Knife Crime - Home Affairs Committee Contents


Examination of Witnesses (Question Numbers 280-293)

WITNESS 1, WITNESS 2, WITNESS 3, WITNESS 4 AND WITNESS 5

24 FEBRUARY 2009

  Q280  Mr Streeter: Thank you.

  Witness 2: What Witness 4 said about people coming to us saying No, it has not worked in the past. I had the pleasure of seeing an organisation do a presentation last Saturday, a group I am working with, and they are run by former firm members. If you get the right sort of people, if you have got respect, whether it be for positive or negative reasons, talking to them, it might just work. These were all prolific offenders, the young lads and ladies there, and they hung on to every word, and Mark and the guys who were doing it stayed behind and chatted to them and it did seem to get through. It is about education that is relevant to their situation. Witness 4: Following on a little bit from what Witness 2 has said, he hit the nail on the head; it has got to be able to relate to the young people's lives. That is the key. The thing is the school system does not relate to young people's lives anyway, all of it. If they do not do well at maths or they do not do well at history, they are going to fall out, so they are detached mentally and they do not feel there. If someone comes into that school environment and it is just another one of "Don't do knife crime" or "Don't smoke"—how long has that campaign been going on for? I think we need a more holistic approach in a way that can relate to them. Also I liked what Witness 3 was saying about the environment as in meeting someone who has been in the Army. We have a thing with people who have killed people in the military and they can speak to the young people and say, "I have depression", or, "I have panic attacks," and that can be more of a deterrent. It is being a bit more creative about this approach. The thing about it as well is it is breaking the cycle. I think there has been a lot of research the Trust has done about that as well. There is definitely a cycle that is at the core, a cycle of low esteem and low confidence. That is the issue really.

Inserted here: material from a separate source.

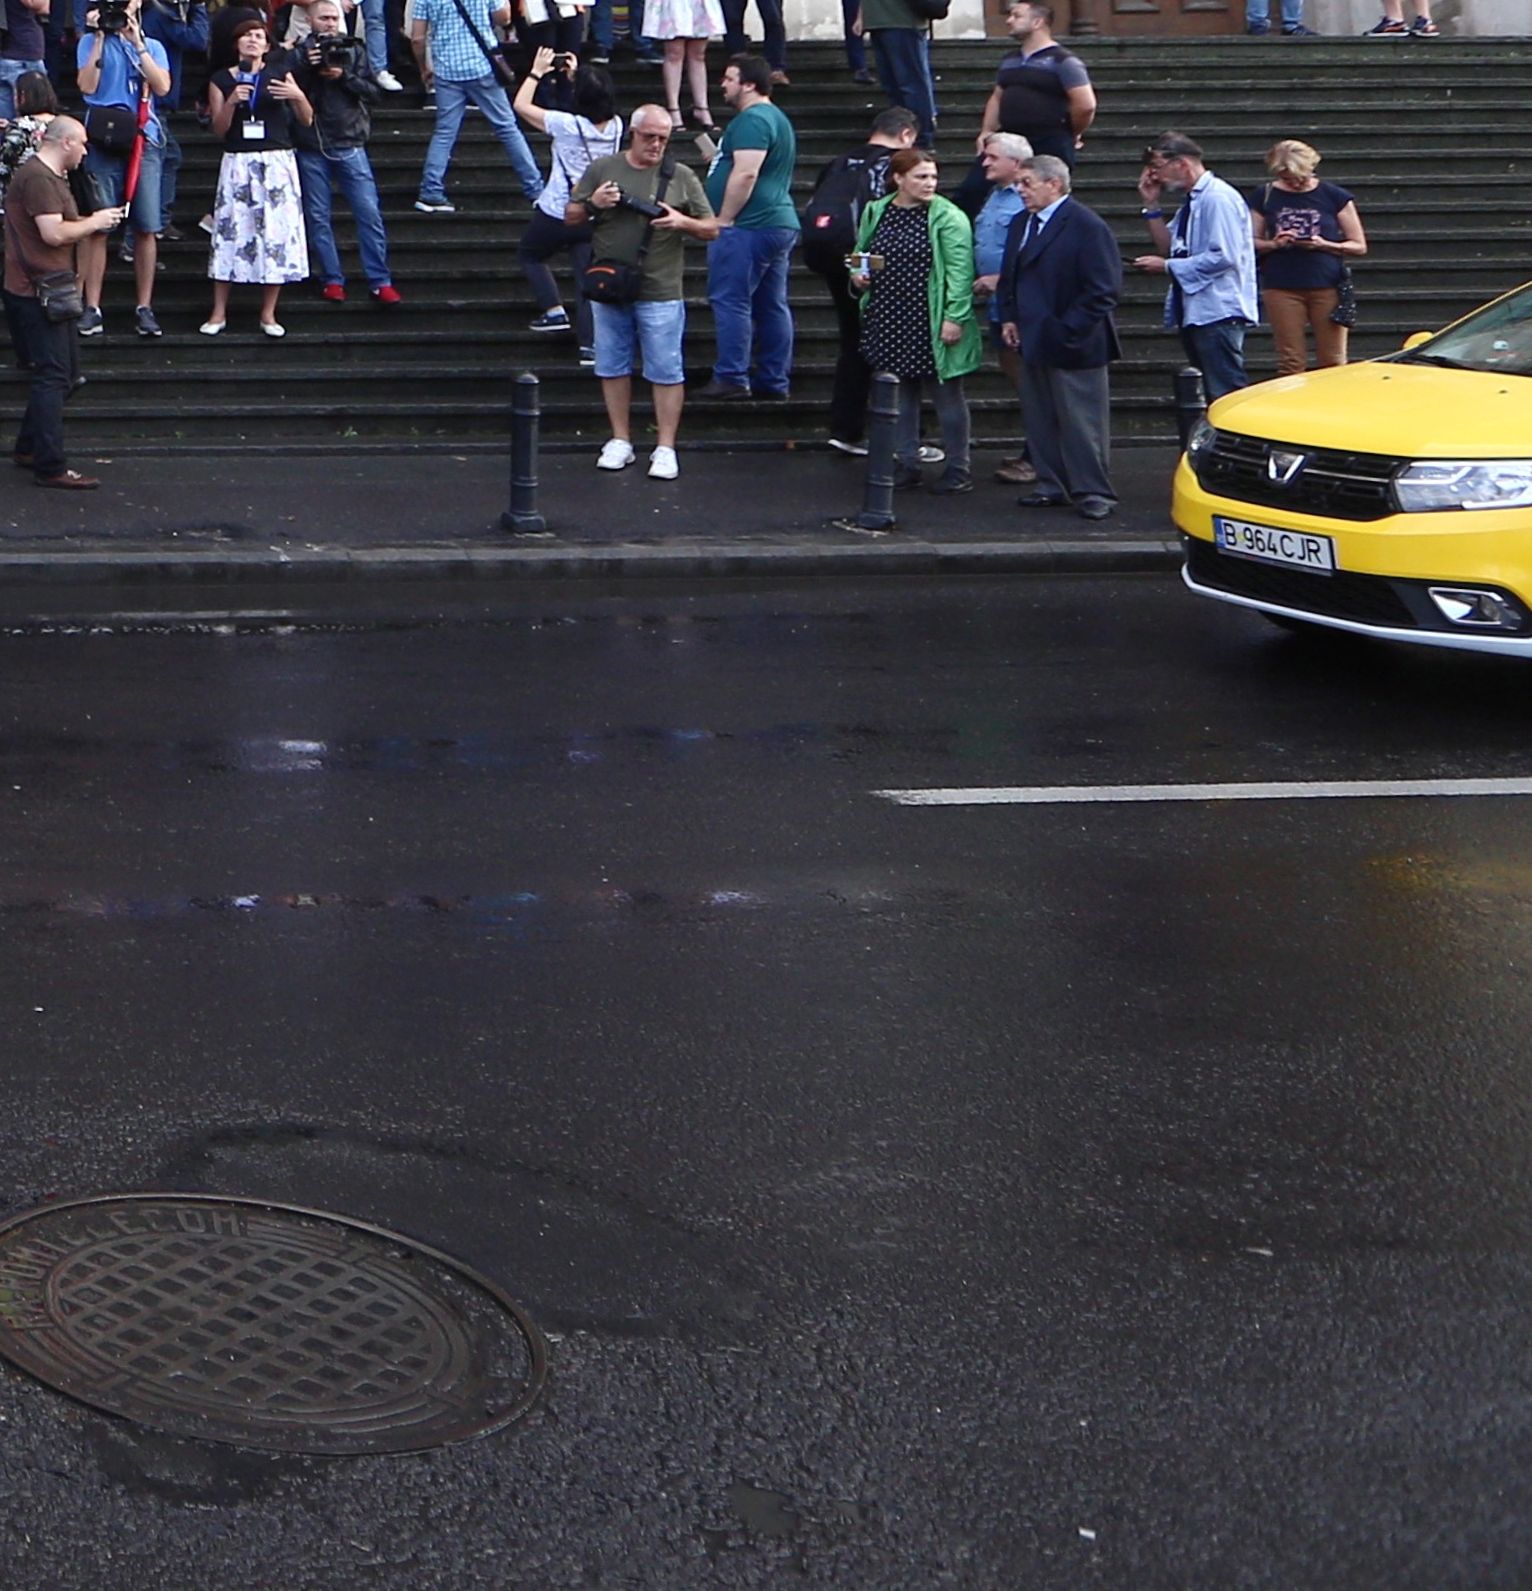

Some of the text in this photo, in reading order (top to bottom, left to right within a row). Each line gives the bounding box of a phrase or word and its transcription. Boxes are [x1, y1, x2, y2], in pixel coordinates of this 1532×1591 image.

[1223, 522, 1323, 564] B 964 CJR
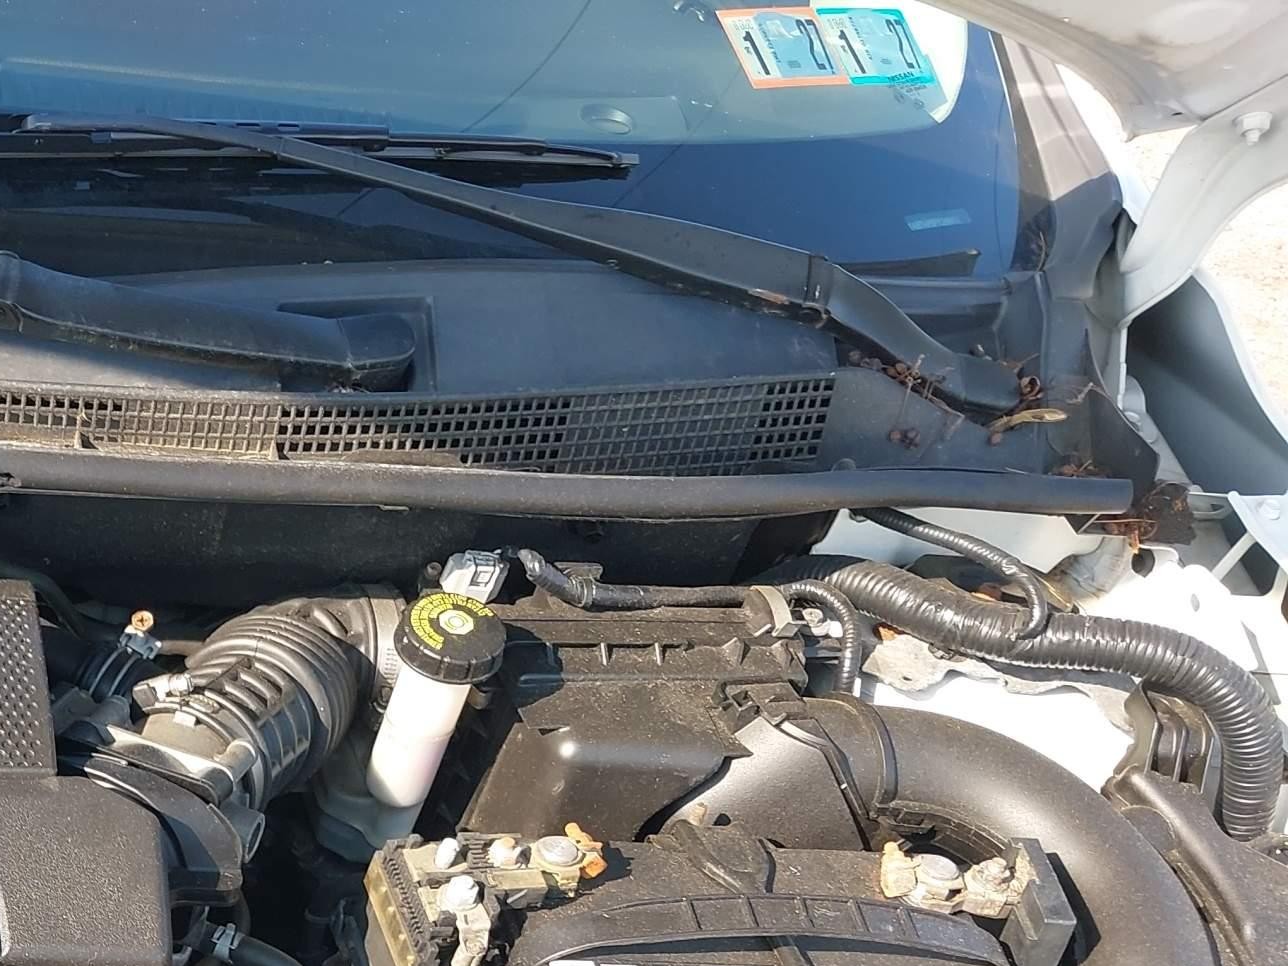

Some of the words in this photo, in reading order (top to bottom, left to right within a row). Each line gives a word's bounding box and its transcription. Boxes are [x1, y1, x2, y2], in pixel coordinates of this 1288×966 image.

  Q281  Ms Buck: Just a quick one. I had a local community project called Uncut from my constituency come in a couple of weeks ago and they brought a lot of young people in and we had a very good conversation. One of the things that came out very strongly to my surprise from the 15-16-year-olds was that Saturday jobs did not exist any more and they could not get any money. They wanted 20 quid in their pocket. None of this excuses crime or anything like that but it is an issue. Having the maturity to hold down a Saturday job, being able to legitimately get 20 or 30 quid in your pocket, is that something that you have ever come across or is that something you have ever heard about? Do you think it is something we should be thinking about as part of the range of responses?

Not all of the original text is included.